Gaze Patterns during Parent-Child Versus Clinician-Child Interactions

Poster Presentation
Friday, May 11, 2018: 5:30 PM-7:00 PM
Hall Grote Zaal (de Doelen ICC Rotterdam)
E. Ajodan1, B. Silver2, M. R. Silverman1, A. Southerland3, K. Chanda3, E. A. Stubbs3, C. Lord4, J. Rehg3, A. Rozga3 and R. M. Jones2, (1)Sackler Institute for Developmental Psychobiology, New York, NY, (2)Weill Cornell Medicine, New York, NY, (3)Georgia Institute of Technology, Atlanta, GA, (4)University of California Los Angeles, Los Angeles, CA
Background: Atypical eye contact during social interactions is a hallmark of autism spectrum disorder (ASD). Prior literature suggests that social communication behavior varies in children with ASD depending on whether they are interacting with a familiar or unfamiliar person. It is unknown if young children with ASD will vary their gaze pattern depending on whether they are interacting with a clinician or their caregiver.

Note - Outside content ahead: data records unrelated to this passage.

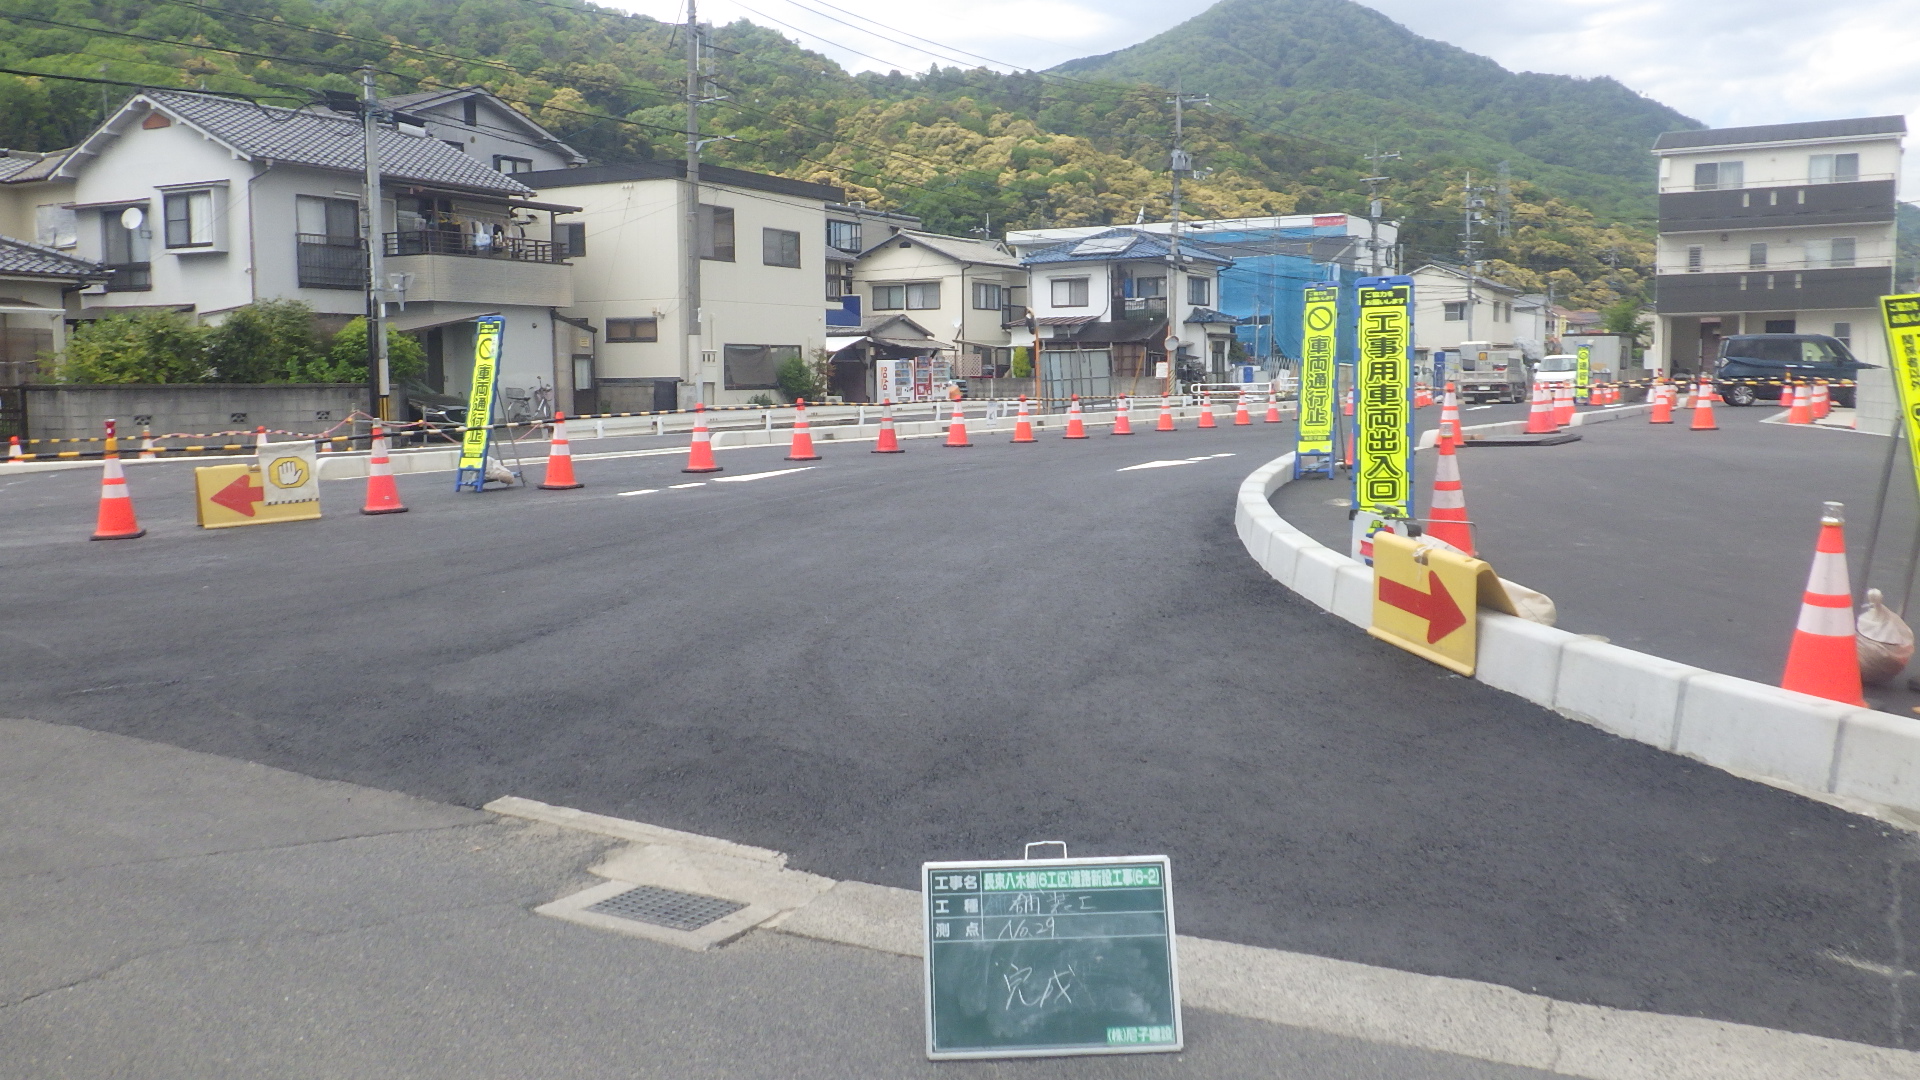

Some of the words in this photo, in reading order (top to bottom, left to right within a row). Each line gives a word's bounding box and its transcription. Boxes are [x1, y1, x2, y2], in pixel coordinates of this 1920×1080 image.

[467, 364, 493, 445] 車両通行止
[1304, 335, 1331, 426] 車両通行止
[1364, 311, 1403, 502] 工事用車両出入口
[934, 874, 977, 891] 工事名
[935, 922, 980, 938] 測点
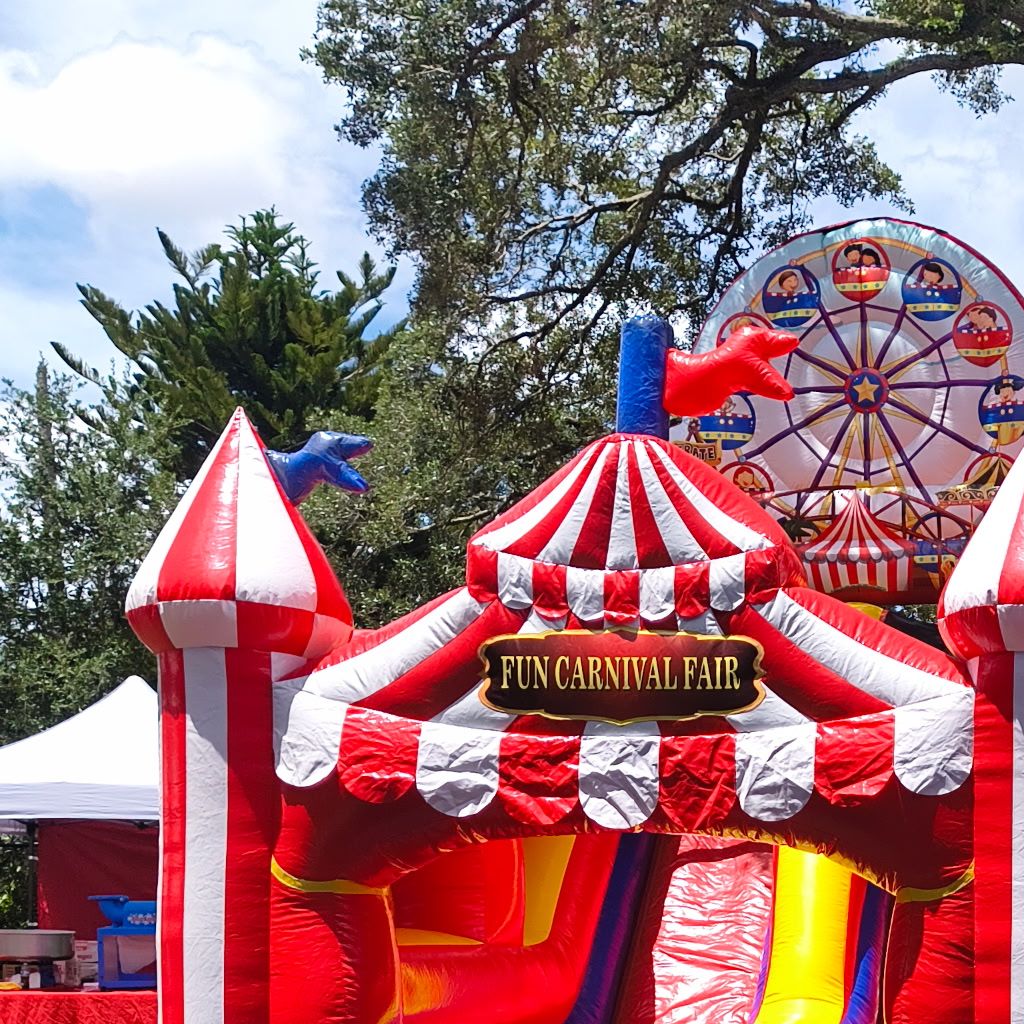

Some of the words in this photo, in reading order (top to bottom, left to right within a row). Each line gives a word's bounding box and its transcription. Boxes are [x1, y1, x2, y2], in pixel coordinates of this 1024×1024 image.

[679, 445, 714, 460] RATE
[500, 655, 550, 690] FUN
[554, 655, 677, 691] CARNIVAL
[683, 655, 741, 690] FAIR

Objectives: We examined the frequency and duration of direct gaze in young children with ASD when engaging with their caregiver versus a clinician during a semi-structured play interaction.

Methods: 18 more verbally able children diagnosed with ASD (mean 40 months;25-59 months, mean VIQ= 80; mean NVIQ= 87) completed a modified version of the Brief Observation of Social Communication Change (BOSCC), while seated at a table. Children first completed the BOSCC with a clinician, and then completed the same procedures with their caregiver. The adult sat across from the child and wore a pair of Pivothead Kudo glasses that had an outward facing camera embedded between the eyes, so that the videocamera readily captured the child’s face and shifts in eye gaze to the adult. Video data was manually coded at the frame level using Mangold Interact for the child’s direct gaze to the adult. Repeated Measures ANOVAs determined differences in the duration and frequency of direct gaze across the two conditions (unfamiliar clinician versus caregiver). Age, verbal IQ and autism symptom severity (ADOS CSS) were included as covariates to determine whether child characteristics influenced gaze patterns.

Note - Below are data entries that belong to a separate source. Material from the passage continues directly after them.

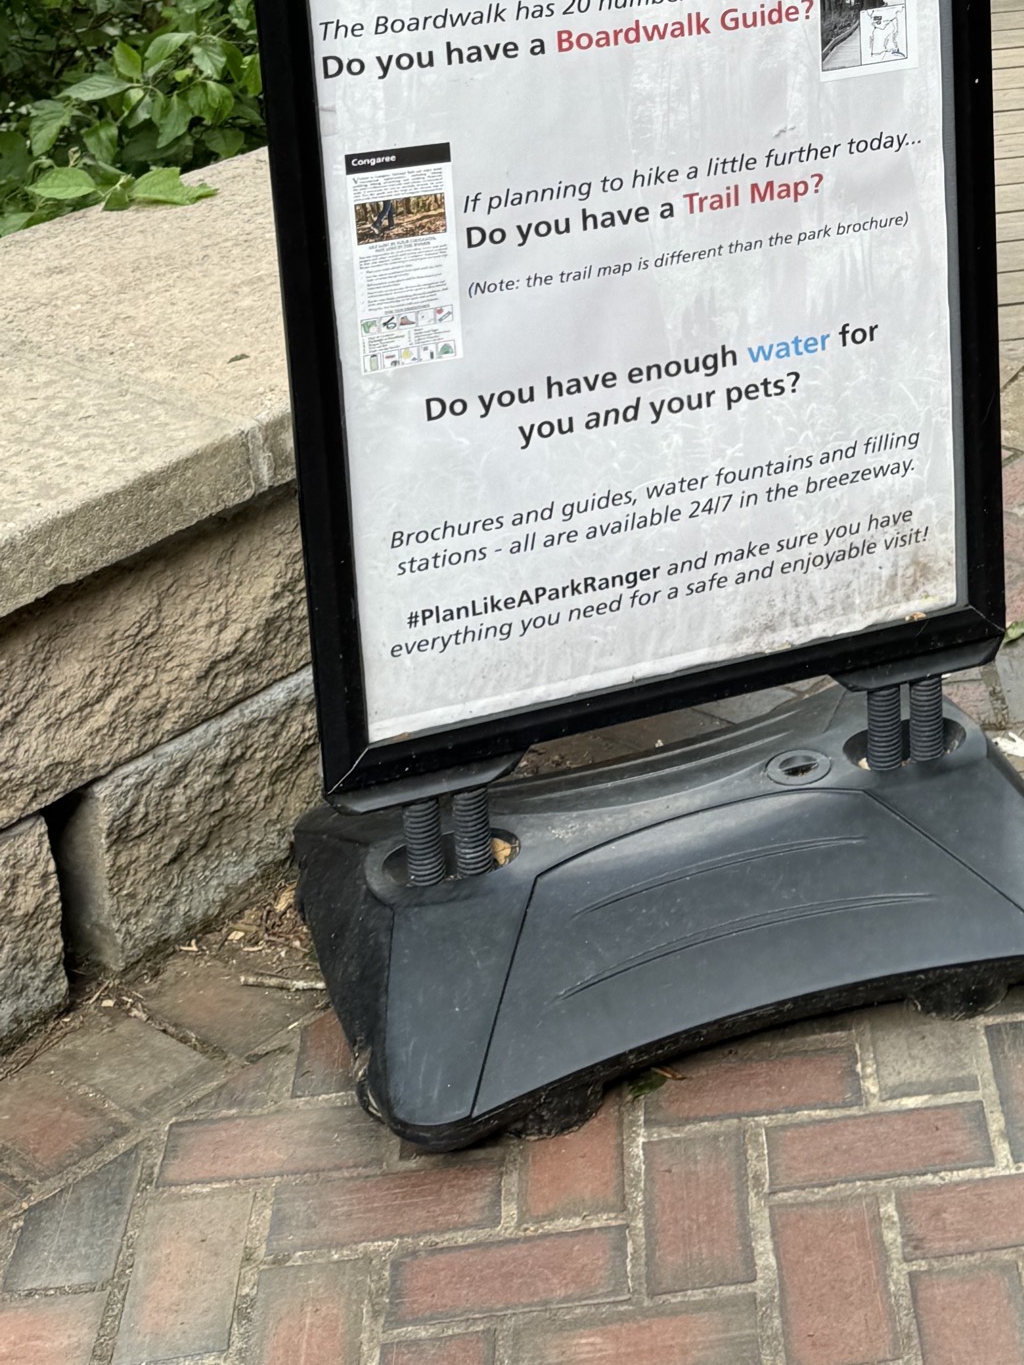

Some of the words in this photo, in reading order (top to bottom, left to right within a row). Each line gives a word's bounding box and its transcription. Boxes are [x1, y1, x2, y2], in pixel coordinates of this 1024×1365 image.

[319, 19, 364, 41] The
[374, 3, 506, 35] Boardwalk
[516, 1, 555, 20] has
[323, 56, 365, 79] Do
[376, 51, 434, 79] you
[446, 41, 519, 65] have
[530, 39, 545, 56] a
[557, 12, 711, 52] Boardwalk
[351, 155, 396, 166] Congaree
[464, 192, 482, 213] If
[487, 181, 591, 215] planning
[601, 176, 623, 192] to
[632, 166, 679, 188] hike
[687, 166, 698, 179] a
[707, 154, 757, 176] little
[765, 143, 841, 168] further
[847, 132, 921, 154] today...
[466, 226, 506, 248] Do
[516, 218, 570, 247] you
[582, 206, 649, 231] have
[660, 203, 674, 219] a
[683, 185, 739, 214] Trail
[751, 173, 823, 203] Map?
[469, 280, 519, 298] (Note:
[526, 273, 553, 287] the
[560, 265, 592, 283] trail
[597, 263, 632, 277] map
[638, 257, 649, 270] is
[654, 245, 723, 267] different
[729, 240, 762, 254] than
[769, 233, 792, 247] the
[798, 225, 831, 245] park
[837, 212, 908, 235] brochure)
[426, 397, 467, 421] Do
[478, 386, 534, 418] you
[547, 372, 617, 399] have
[628, 345, 737, 384] enough
[748, 334, 830, 363] water
[839, 323, 878, 347] for
[518, 417, 573, 449] you
[585, 397, 641, 430] and
[649, 390, 715, 424] your
[726, 372, 800, 410] pets?
[391, 516, 503, 549] Brochures
[512, 501, 554, 526] and
[562, 490, 637, 522] guides,
[647, 476, 708, 499] water
[715, 455, 813, 486] fountains
[820, 440, 857, 465] and
[864, 432, 919, 454] filling
[398, 547, 487, 575] stations
[510, 532, 536, 554] all
[543, 530, 578, 547] are
[586, 505, 681, 539] available
[689, 494, 733, 518] 24/7
[740, 491, 757, 508] in
[766, 483, 798, 502] the
[806, 459, 914, 494] breezeway.
[391, 622, 512, 657] everything
[520, 612, 560, 637] you
[569, 594, 622, 622] need
[630, 590, 661, 608] for
[668, 587, 678, 599] a
[686, 573, 728, 596] safe
[735, 560, 774, 585] and
[781, 536, 877, 574] enjoyable
[885, 526, 928, 550] visit!
[407, 566, 660, 628] #PlanLikeAParkRanger
[667, 551, 707, 575] and
[714, 541, 769, 566] make
[777, 532, 818, 552] sure
[824, 522, 860, 546] you
[868, 510, 912, 531] have

Results: The frequency and duration of gaze were not significantly different during play interactions with a caregiver versus an unfamiliar clinician (p’s >0.2). Of note, there were no differences between caregivers and clinicians in how well they captured the child’s gaze with the Pivothead glasses, suggesting the lack of condition effects were not explained by sampling differences. There were no significant interaction effects with age, VIQ or ADOS severity scores (p’s > 0.1). A pilot sample of two children completed the procedures twice across three months, before and after their caregivers completed a 12-week behavior training program at the clinic and there were also no significant differences in gaze frequency or duration across condition (p=0.5) or time point (p=0.6) and no interaction (p=0.3).

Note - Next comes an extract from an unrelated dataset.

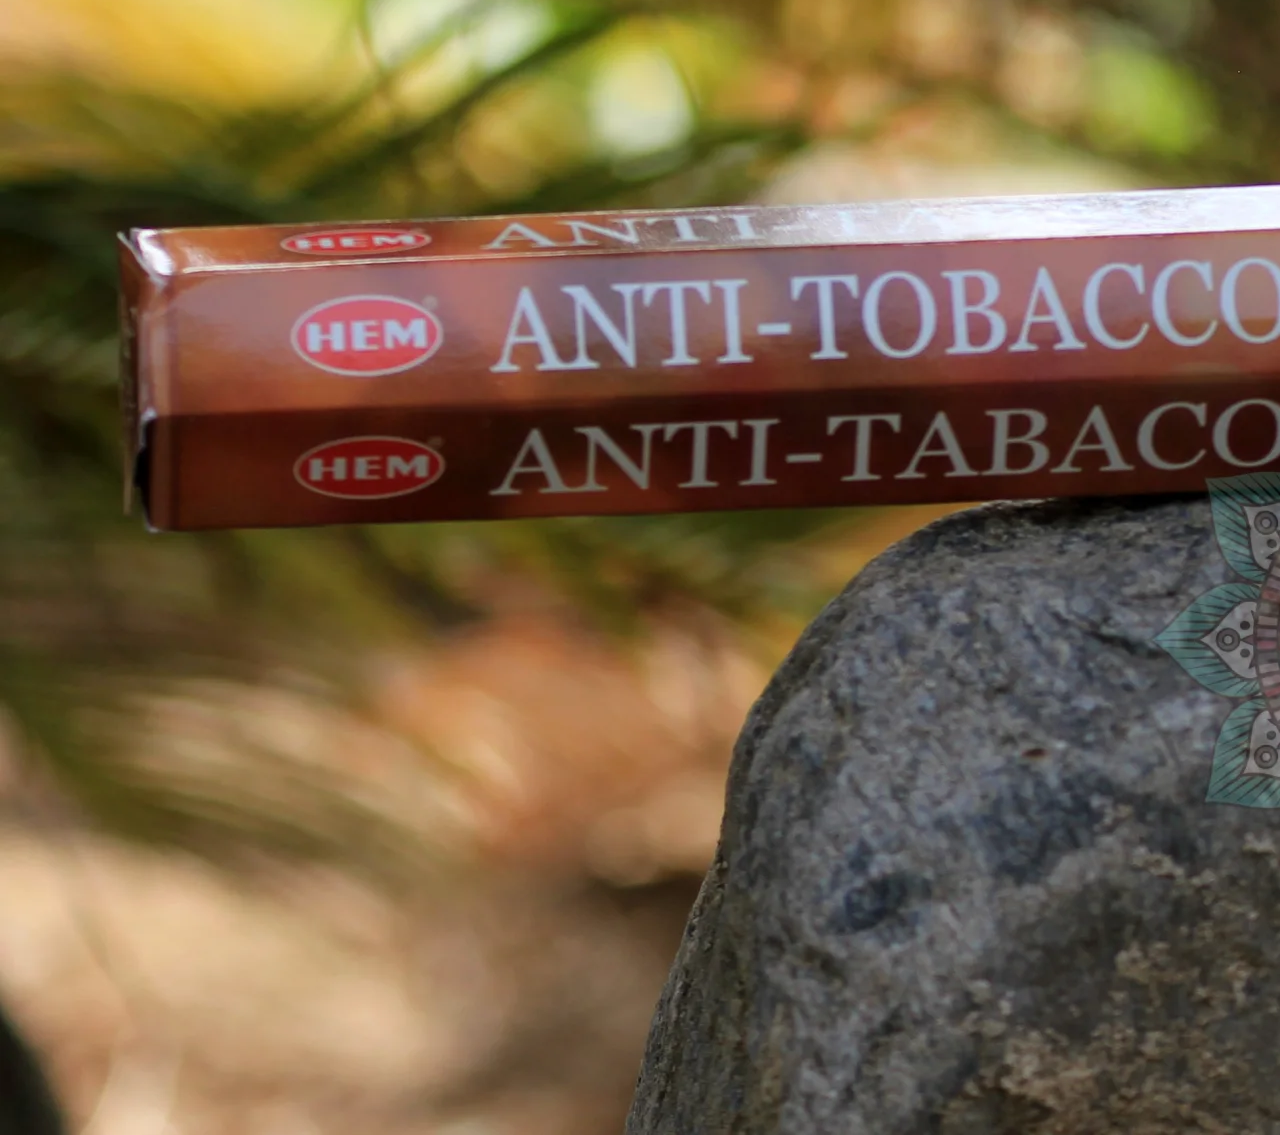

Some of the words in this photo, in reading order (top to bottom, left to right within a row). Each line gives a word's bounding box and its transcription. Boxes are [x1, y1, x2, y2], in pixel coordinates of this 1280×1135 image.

[296, 234, 416, 250] HEM
[306, 318, 428, 353] HEM
[308, 454, 430, 482] HEM

Conclusions: Surprisingly, there were no differences in gaze patterns in young children with ASD when interacting with their caregiver compared to an unfamiliar clinician. This data represents a subset of participants as data collection is ongoing, thus a larger sample size may illuminate more subtle differences in gaze behavior across the two conditions. Determining whether familiarity can facilitate gaze patterns in young children with ASD may ultimately be a critical first step for designing treatment strategies that address social communication difficulties.